● **Exercise description**
Restate the listing word for word; omit the images.

● **Given data**
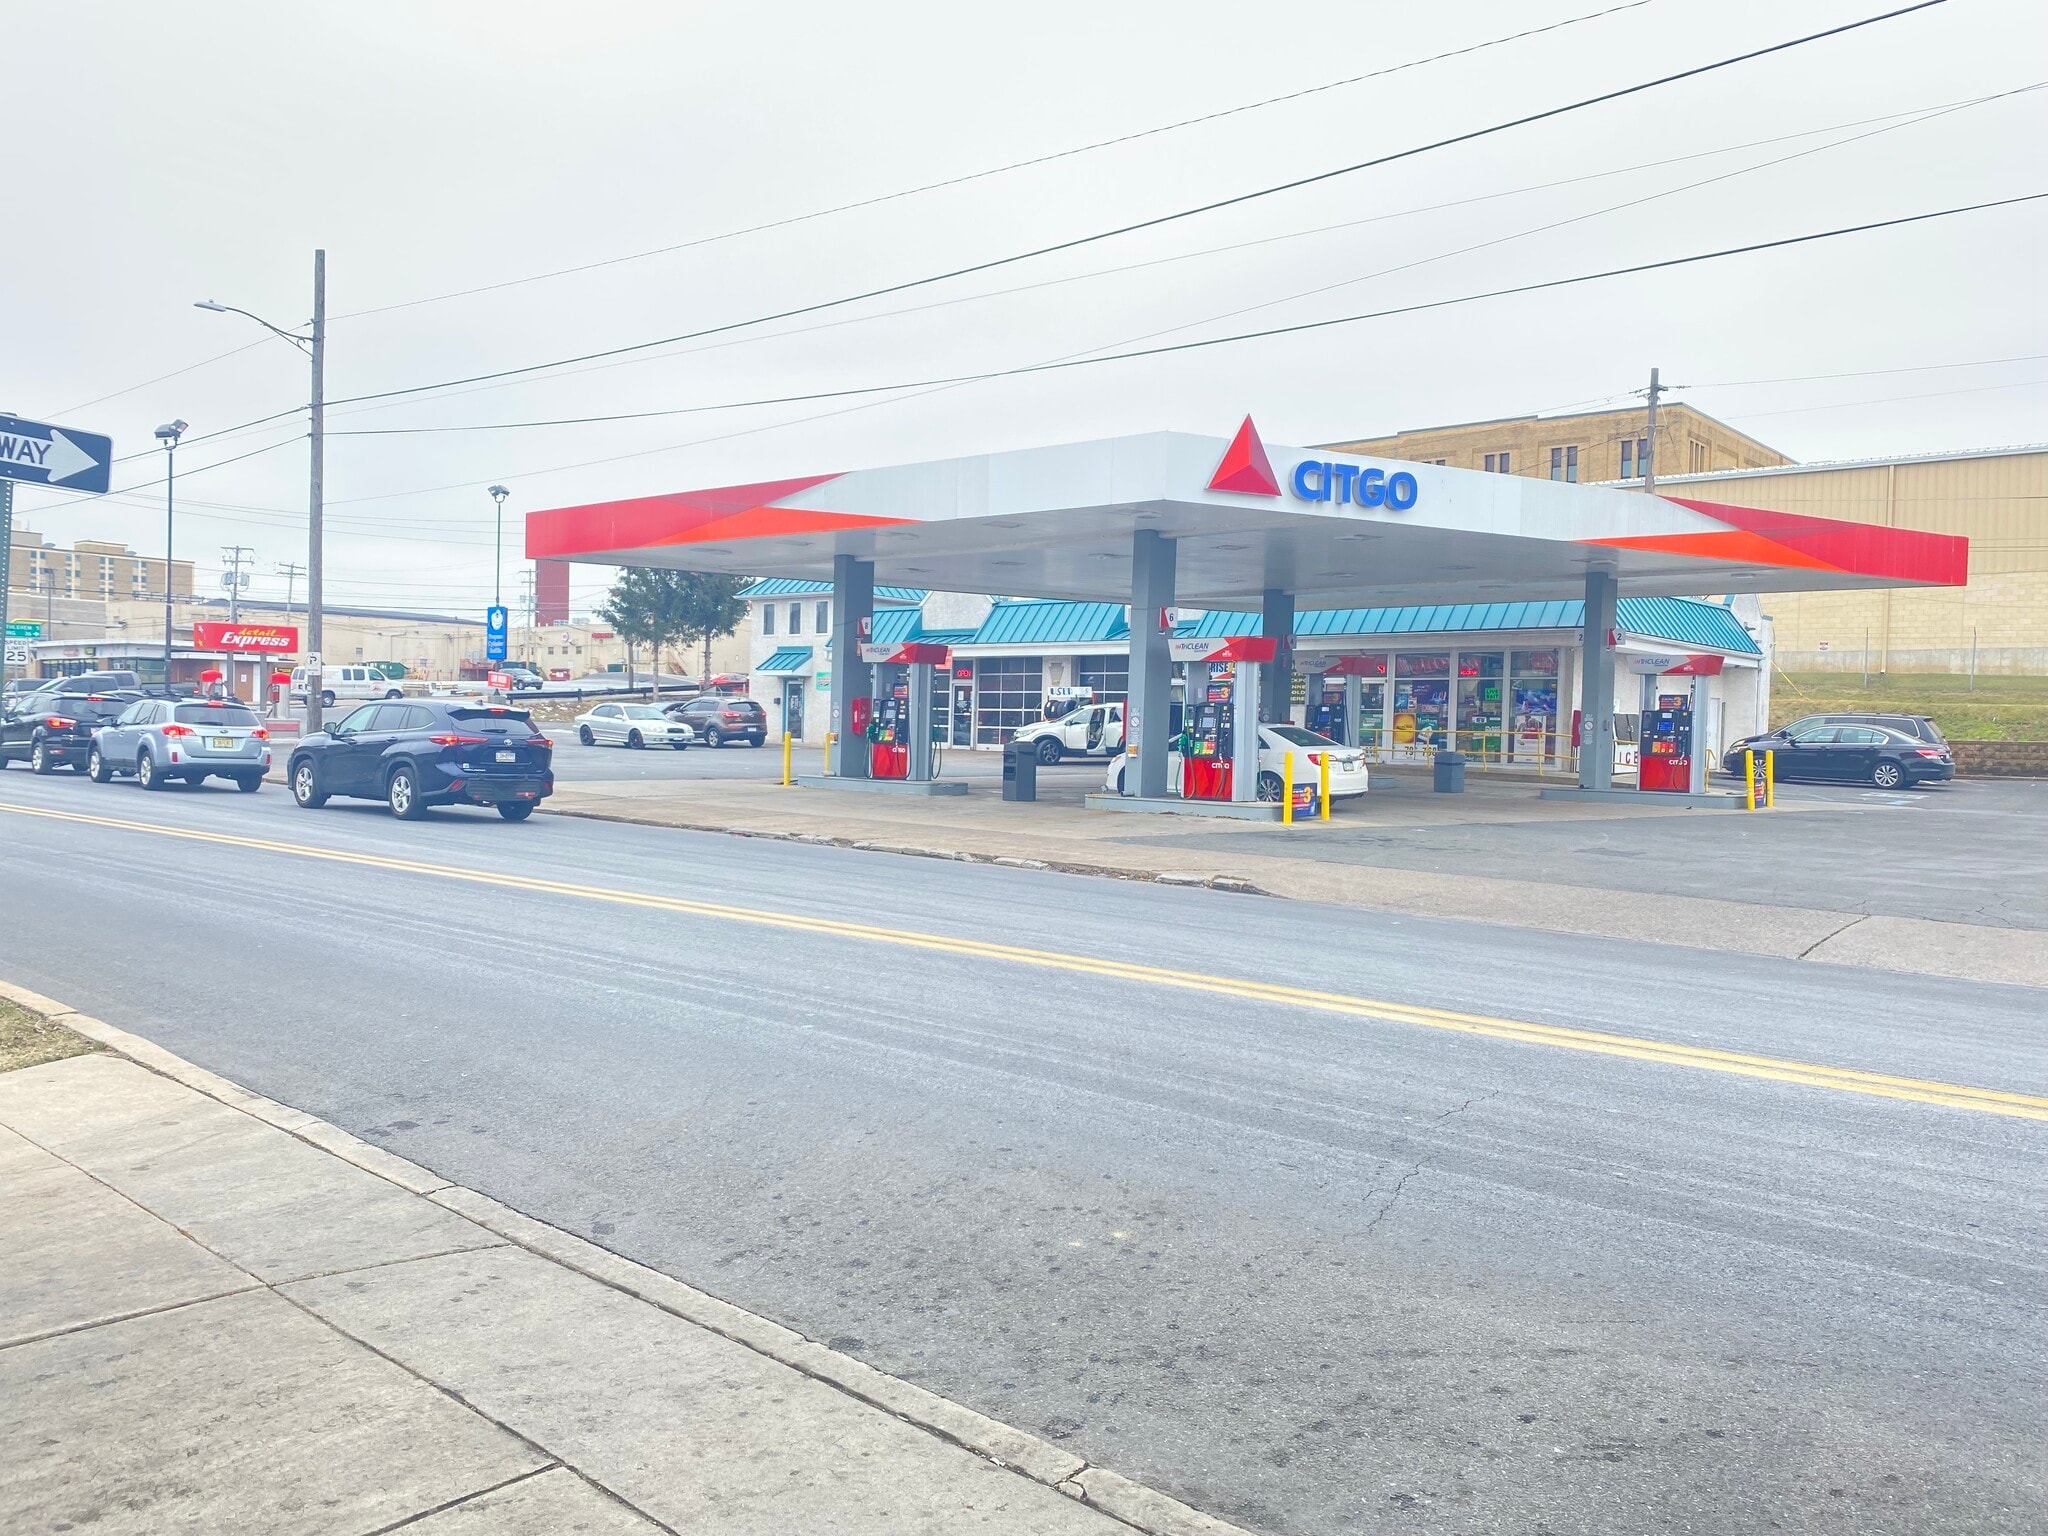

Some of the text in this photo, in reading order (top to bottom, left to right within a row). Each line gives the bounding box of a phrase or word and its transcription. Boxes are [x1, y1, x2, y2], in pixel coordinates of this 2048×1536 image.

[0, 436, 52, 464] WAY
[1290, 460, 1418, 511] CITGO
[1169, 613, 1174, 621] 6
[239, 627, 277, 636] detail
[221, 631, 290, 648] Express
[6, 651, 27, 661] 25
[1209, 662, 1228, 672] RISE
[1220, 687, 1229, 698] 3
[1673, 696, 1682, 706] 3
[1619, 751, 1638, 764] ICE
[1303, 786, 1311, 803] 3
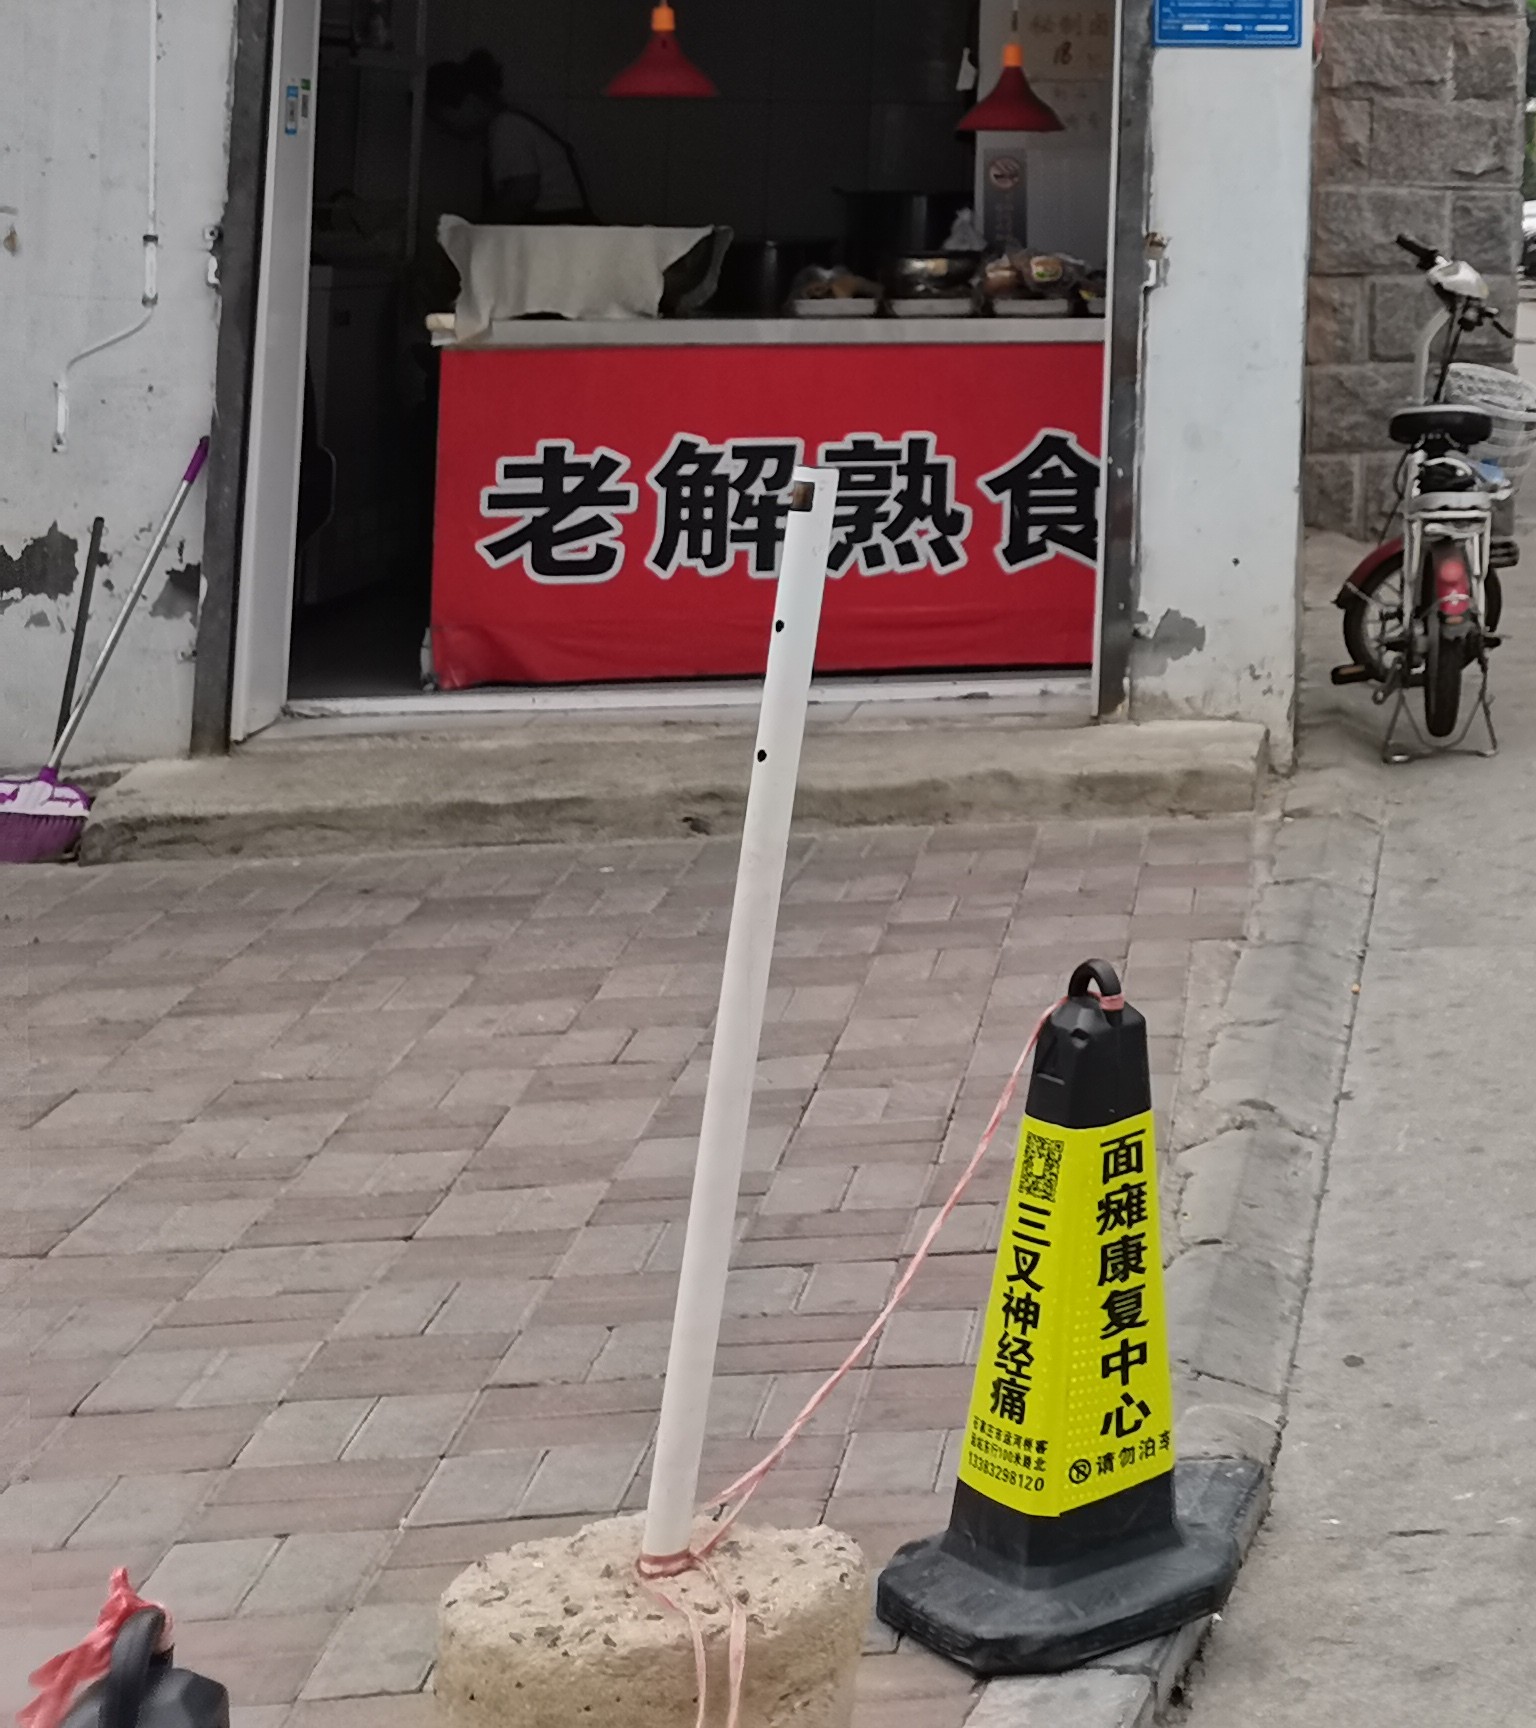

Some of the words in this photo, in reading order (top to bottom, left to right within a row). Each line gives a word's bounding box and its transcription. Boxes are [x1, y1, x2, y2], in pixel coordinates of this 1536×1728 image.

● **Response to this exercise**
Some of the text in this photo, in reading order (top to bottom, left to right within a row). Each line gives the bounding box of a phrase or word and its transcription. Boxes are [x1, y1, x2, y2], in pixel coordinates of this 2048×1536 image.

[0, 436, 52, 464] WAY
[1290, 460, 1418, 511] CITGO
[1169, 613, 1174, 621] 6
[239, 627, 277, 636] detail
[221, 631, 290, 648] Express
[6, 651, 27, 661] 25
[1209, 662, 1228, 672] RISE
[1220, 687, 1229, 698] 3
[1673, 696, 1682, 706] 3
[1619, 751, 1638, 764] ICE
[1303, 786, 1311, 803] 3

Some of the words in this photo, in reading order (top to bottom, left to right within a row). Each line gives a word's bounding box and its transcription. Boxes are [x1, y1, x2, y2], in pixel coordinates of this 1536×1728 image.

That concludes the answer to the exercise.